Courtesy of Pam Martens.
Let’s put aside for a moment the patently ridiculous question of whether Larry Summers is fit to Chair the Federal Reserve. (Summers is one of the key officials in the Clinton administration who bullied policy makers and won the repeal of the Glass-Steagall Act and prevented the regulation of derivatives, ushering in the financial collapse of 2008. That President Obama has publicly acknowledged that he is considering Summers for the highest monetary post in the U.S. underscores the administration’s serial ability to insult public sensibilities when it comes to Wall Street.)

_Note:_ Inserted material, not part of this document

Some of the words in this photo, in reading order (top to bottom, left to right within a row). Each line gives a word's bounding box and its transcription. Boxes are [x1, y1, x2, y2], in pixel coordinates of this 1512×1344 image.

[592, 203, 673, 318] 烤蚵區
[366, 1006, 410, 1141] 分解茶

Even if Summers does not get the nod from the President for Fed Chair, he’s back to his dangerous tinkering with the financial infrastructure of the country. Within the past four days, the New York Times has published two articles, including one on its front page, noting Summers’ involvement with a start-up company called Lending Club, which makes consumer loans online to unsophisticated borrowers. (Put these seven words on paper: loans online, unsophisticated borrowers, Federal Reserve Chairman. Now throw out the three words that don’t make sense in that context.)
Summers was appointed as a Director of Lending Club this past December. There are plans to take the company public next year in an Initial Public Offering that is being touted as a Facebook-style landmark for a financial-tech company.
The heavy attention to Summers’ involvement with Lending Club by the New York Times is likely because they were swept up in the Robert Rubin-Larry Summers-Alan Greenspan-Sandy Weill financial fantasies that led to the massive deregulation of the late 1990s and early 2000s. As the saying goes, “fool me once, shame on you; fool me twice, shame on me.”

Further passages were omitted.